Working capital is the backbone of any business operation. At some point, businesses may run low on working capital, resulting in dysfunctions. In such instances, business turn to taking loans: either asset-based loans or commercial and industrial loans. These two serve the same purpose of sustaining a business’s operations. However, they differ in several ways. The main difference between them is that in ABL, the collateral is a business asset, while in C&I, it can be any usual collateral. ABL is commonly considered more expensive that other methods, and here’s why.

  1. Collateral

Cash flow loans have yet to learn of collateral and rely solely on the business’s potential to create future income. Therefore, their credit rating influences whether they are applicable for cash flow loans. Alternatively, asset-based loans look at the company’s current assets and what might be good for collateral. In the event of a loan failure, the lender can use such collateral assets in the future. The assets reviewed by an asset-based lender will vary slightly, but lenders all look at the same general forms of collateral. For this reason, asset-based loans seem more expensive than C&I loans.

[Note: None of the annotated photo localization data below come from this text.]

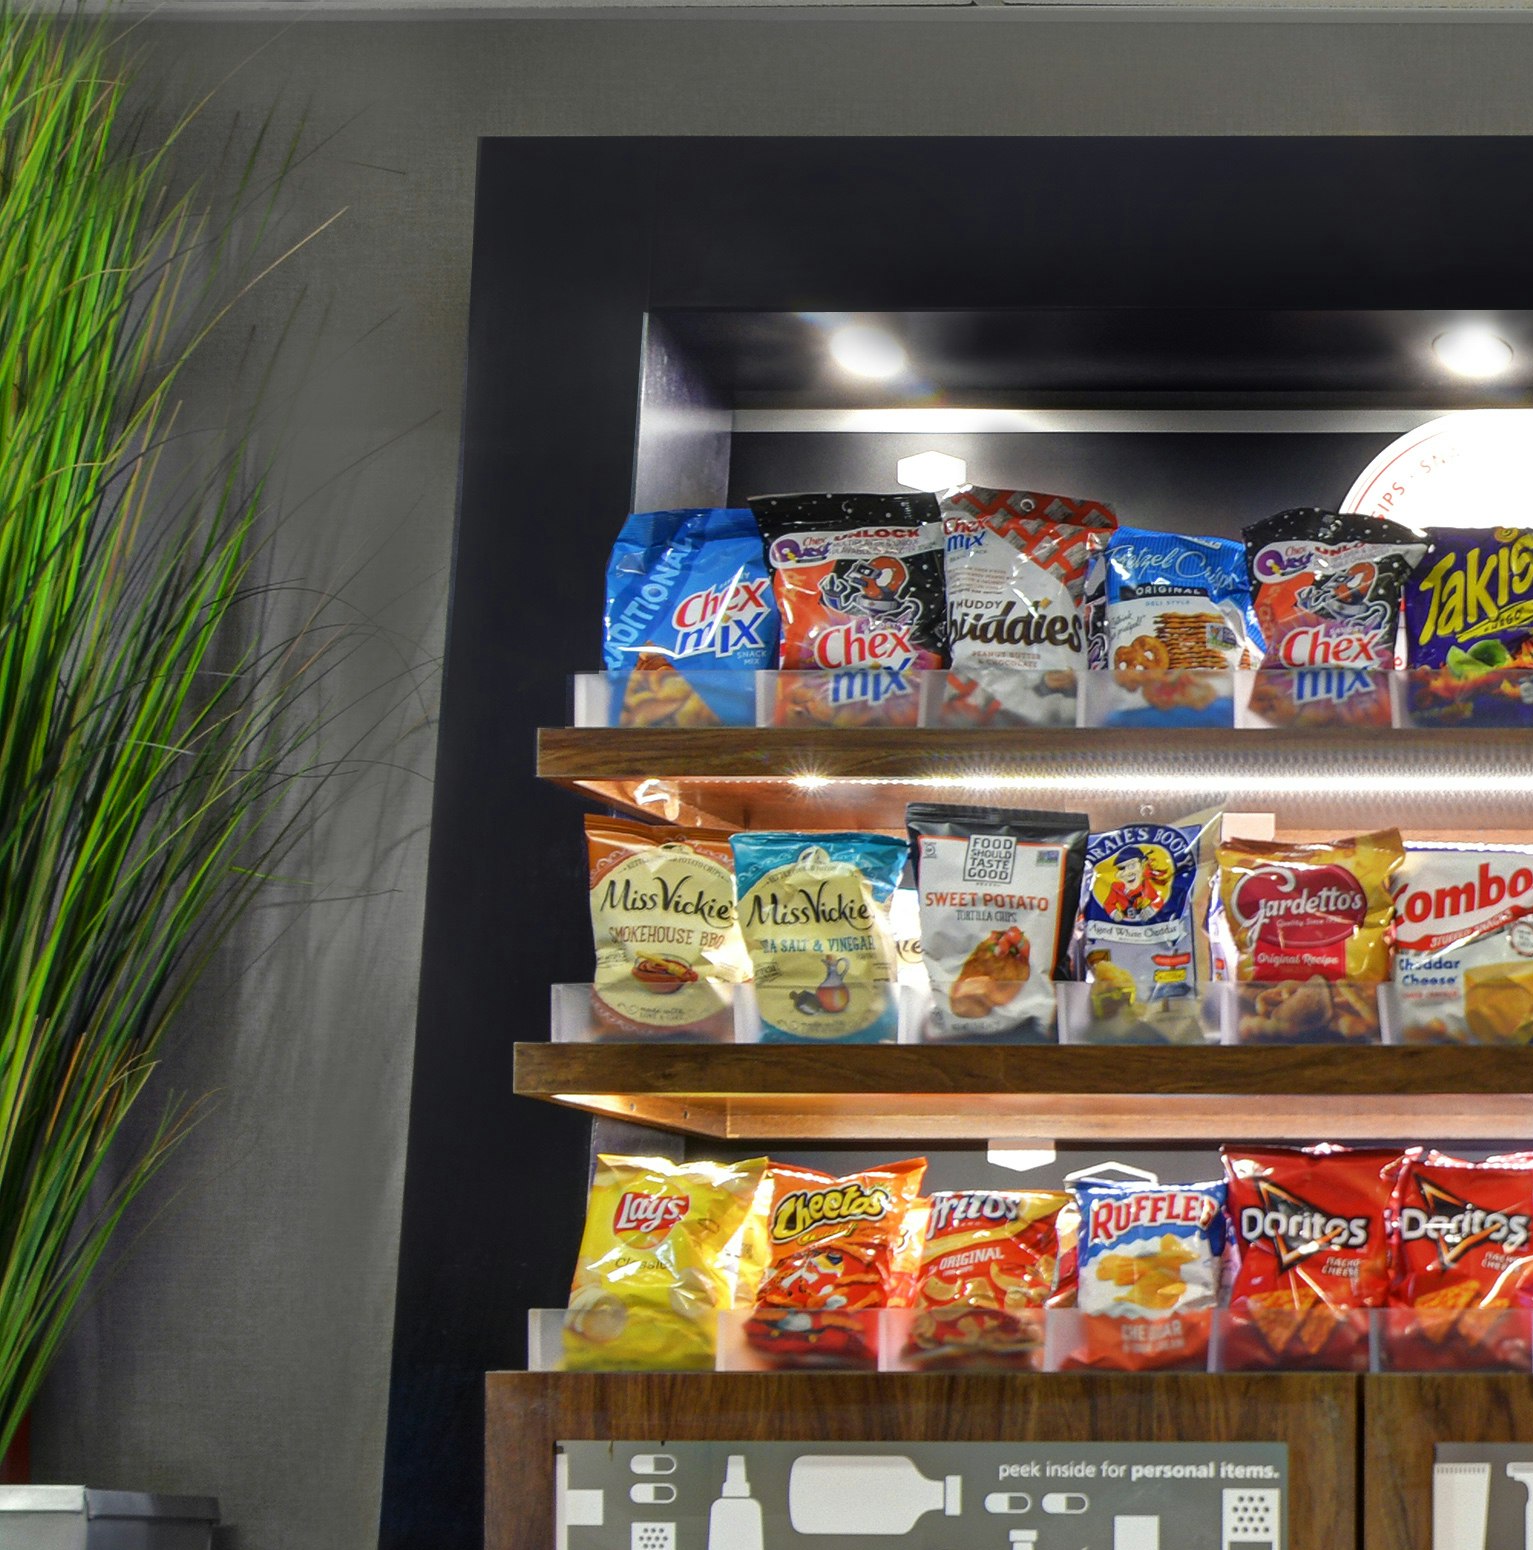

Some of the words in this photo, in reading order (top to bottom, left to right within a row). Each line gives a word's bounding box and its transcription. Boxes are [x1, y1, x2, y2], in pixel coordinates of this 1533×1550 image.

[943, 517, 986, 535] Chex
[946, 531, 987, 552] mix
[1135, 585, 1202, 596] ORIGINAL
[604, 537, 692, 675] RADITIONAL
[675, 580, 768, 628] Chex
[680, 612, 764, 655] mix
[817, 625, 912, 670] Chex
[1282, 625, 1378, 669] Chex
[832, 657, 911, 702] mix
[1296, 669, 1373, 702] mix
[971, 849, 1012, 860] SHOULD
[973, 837, 1013, 850] FOOD
[968, 868, 1009, 880] GOOD
[970, 858, 1011, 870] TASTE
[600, 878, 659, 912] Miss
[653, 875, 739, 929] Vickie'
[746, 892, 810, 928] Miss
[925, 891, 977, 908] SWEET
[983, 893, 1049, 911] POTATO
[1231, 866, 1364, 953] Gardetto's
[956, 910, 993, 922] TORTILLA
[608, 925, 695, 945] SMOKEHOUSE
[780, 938, 807, 952] SALT
[1257, 953, 1301, 967] Original
[1302, 954, 1340, 966] Recipe
[1398, 956, 1461, 972] Chddar
[1402, 973, 1458, 987] Cheese
[616, 1193, 689, 1232] Lay's
[771, 1184, 890, 1243] Cheetos
[1241, 1206, 1368, 1247] Doritos
[1400, 1206, 1530, 1245] Doritos
[939, 1246, 1005, 1271] ORIGINAL
[998, 1461, 1041, 1480] peek
[1045, 1460, 1096, 1479] inside
[1100, 1459, 1126, 1479] for
[1130, 1460, 1215, 1481] personal
[1219, 1461, 1280, 1480] items.

  1. Asset value and performance ratios

Commercial loans are generally based on financial measures influenced by company profit and loss. Asset-based lending focuses on the worth of a firm’s assets to determine lending availability. As a result, ABL is more concerned with asset value and less concerned with performance ratios.

Accounts receivable, inventory, machinery and equipment, and real estate are all firm assets that can be good as collateral. Asset-based lines of credit depend on the value of all eligible assets as a “borrowing base” and an advance rate that changes depending on the type of collateral.

  1. Greater Risks

Businesses generally employ ABL loans with a poor credit history or that operate in a volatile industry. This makes them a higher risk for the lender. As a result, to compensate for the increased risk, lenders may charge higher interest rates.

  1. Suitability factor

Since every firm is unique, you must adapt loan conditions to meet the various criteria and needs. Asset-based loans are not ideal for all enterprises much like how  cash-flow-based loans aren’t ideal for all enterprises. The company’s credit rating is important in determining how much or if a corporation can borrow in the first place in a cash-flow-based loan. These loans are best suited for companies with excellent credit and a considerable volume of recorded cash flow. Asset-based loans are better suited for borrowers with low cash flow or poor credit ratings. In addition, the assets must be valuable enough for the bank or other lender to take a chance on the loan.

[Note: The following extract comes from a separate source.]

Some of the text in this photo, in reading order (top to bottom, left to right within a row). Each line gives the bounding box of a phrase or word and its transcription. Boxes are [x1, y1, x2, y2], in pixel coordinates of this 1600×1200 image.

  1. Continuous monitoring

ABL loans frequently necessitate constant lender monitoring. This is to ensure that the borrower is maintaining their financial obligations. They also ensure that the value of the assets used as collateral is not decreasing. This additional monitoring may raise the loan’s interest rate.

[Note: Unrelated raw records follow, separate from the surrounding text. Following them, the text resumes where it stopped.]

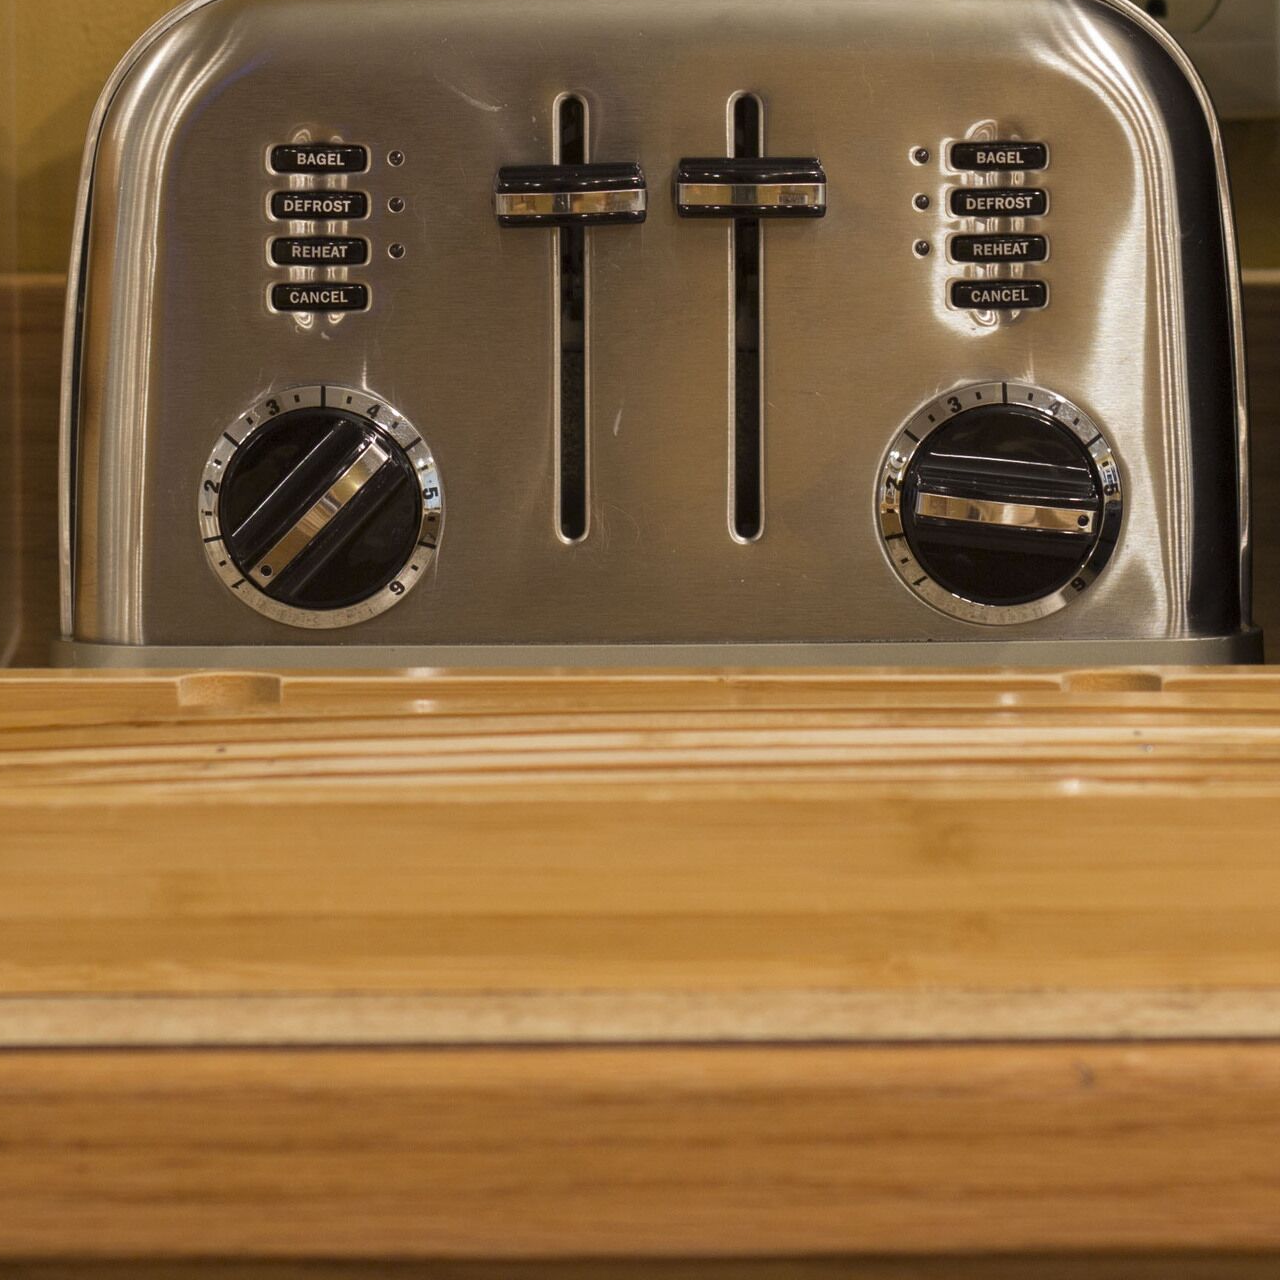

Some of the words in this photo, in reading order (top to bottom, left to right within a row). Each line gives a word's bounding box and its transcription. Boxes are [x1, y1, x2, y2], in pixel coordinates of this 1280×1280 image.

[297, 153, 345, 166] BAGEL
[976, 151, 1024, 164] BAGEL
[284, 199, 352, 212] DEFROST
[966, 197, 1033, 210] DEFROST
[292, 245, 348, 258] REHEAT
[973, 242, 1029, 256] REHEAT
[289, 290, 349, 304] CANCEL
[971, 289, 1030, 303] CANCEL
[265, 399, 281, 416] 3
[366, 404, 380, 419] 4
[947, 396, 962, 413] 3
[1047, 401, 1060, 416] 4
[204, 479, 220, 494] 2
[423, 486, 439, 500] 5
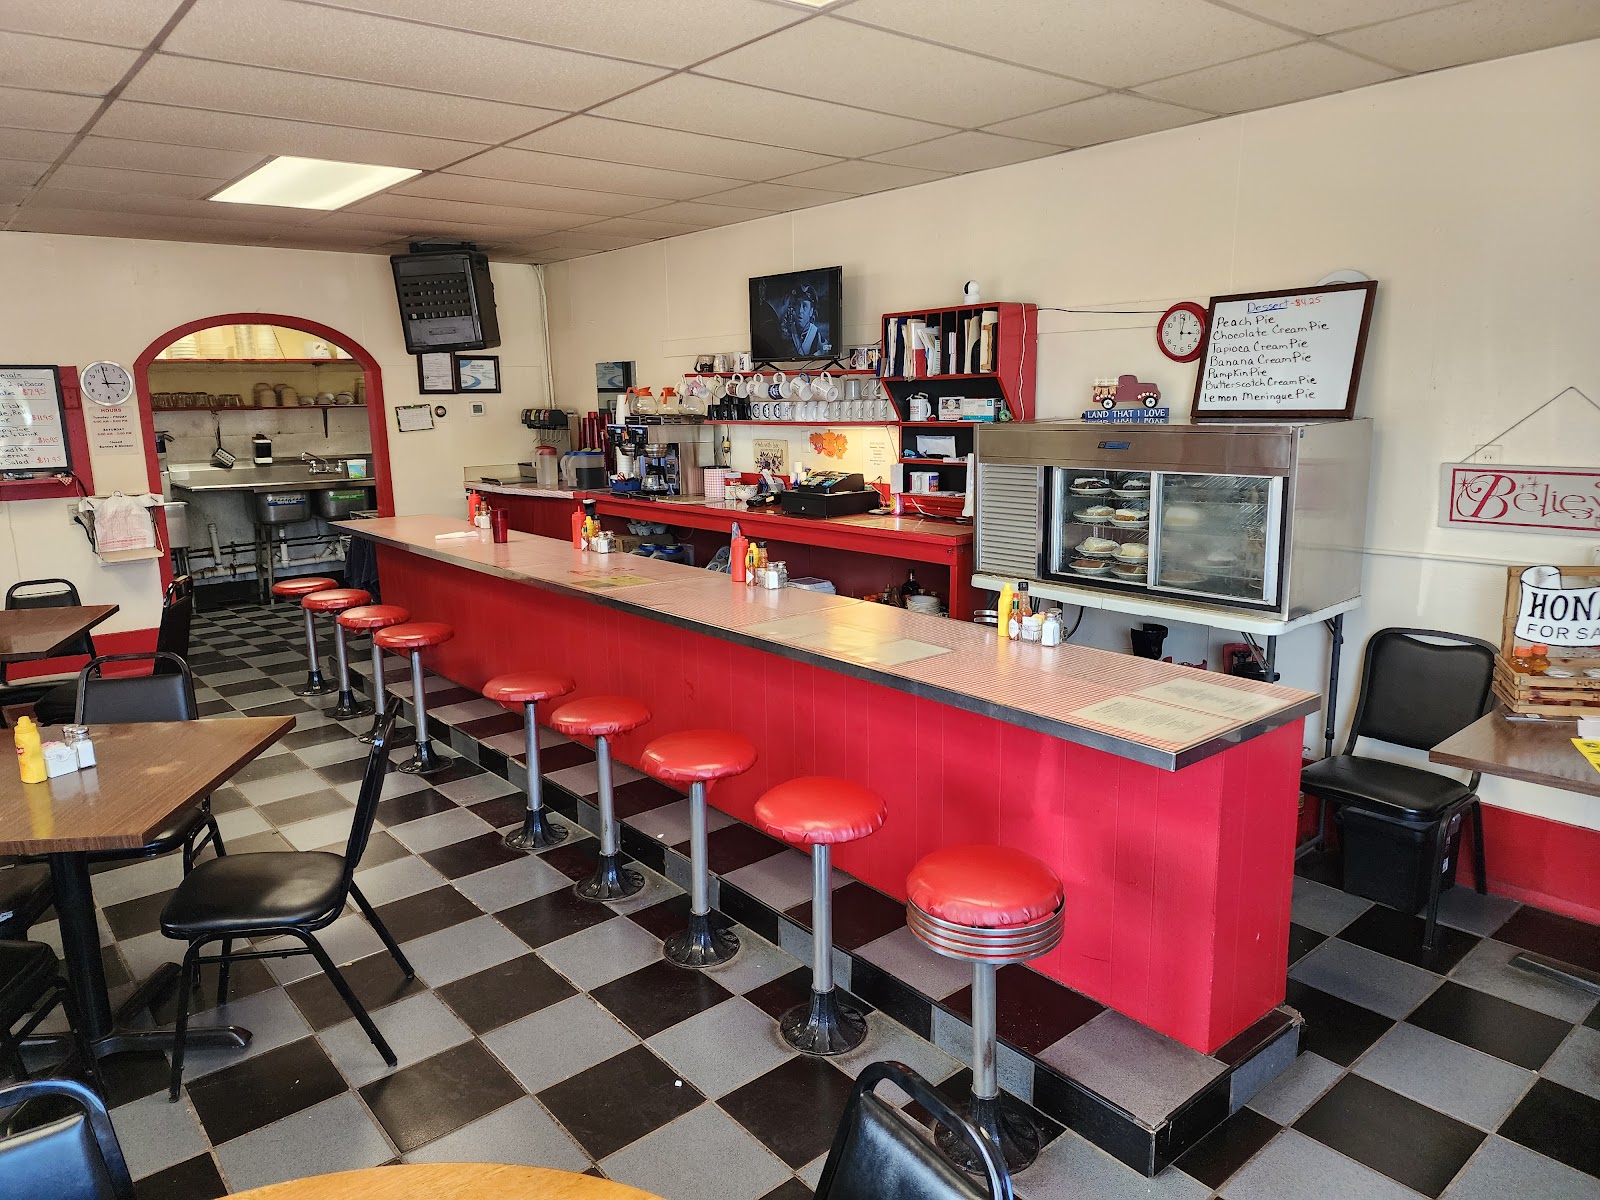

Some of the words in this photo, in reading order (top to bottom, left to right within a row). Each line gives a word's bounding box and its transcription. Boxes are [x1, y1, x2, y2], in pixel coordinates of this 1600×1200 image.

[1247, 299, 1289, 313] Dessert
[1216, 316, 1252, 329] Peach
[1255, 314, 1276, 325] Pie
[1212, 327, 1270, 341] Chocolate
[1271, 324, 1308, 334] Cream
[1308, 320, 1329, 331] Pie
[1210, 342, 1251, 355] Tapioca
[1253, 340, 1289, 352] Cream
[1289, 338, 1308, 349] Pie
[1210, 355, 1254, 367] Banana
[1257, 353, 1292, 365] Cream
[1292, 351, 1312, 363] Pie
[1250, 366, 1268, 377] Pie
[1205, 378, 1265, 391] Butterscotch
[1267, 376, 1298, 387] Cream
[1298, 374, 1317, 385] Pie
[1204, 392, 1238, 403] Lemon
[1242, 391, 1294, 404] Meringue
[1295, 388, 1316, 399] Pie
[1087, 410, 1109, 418] LAND
[1112, 409, 1135, 418] THAT
[1137, 409, 1140, 417] I
[1144, 408, 1166, 417] LOVE
[1527, 591, 1600, 621] HON
[1527, 623, 1570, 639] FOR

  1. Flexibility and ease of obtaining a loan

Banks usually have stricter lending limits, liquidity, repayment schedules, and other unique covenants. As a result, they have less room to be forgiving of:

  • high-risk businesses 
  • volatility 
  • performance problems
  • unusual consumer concentrations

Speciality ABL lenders have extensive knowledge and resources to estimate asset valuations and can finance a wide range of unusual scenarios. A lender with industry experience may also give better advance rates on your specialist assets. They may also include collateral such as unbilled accounts receivable, which typical lenders do not accept. 

On the other hand, traditional term loans and lines of credit are often secured by the borrower’s creditworthiness and do not require continuous monitoring. As a result, the cost structure of these loans may be lower for the borrower. Therefore, selecting a lender who knows your company’s situation and is ready to provide the care it needs to advance is critical.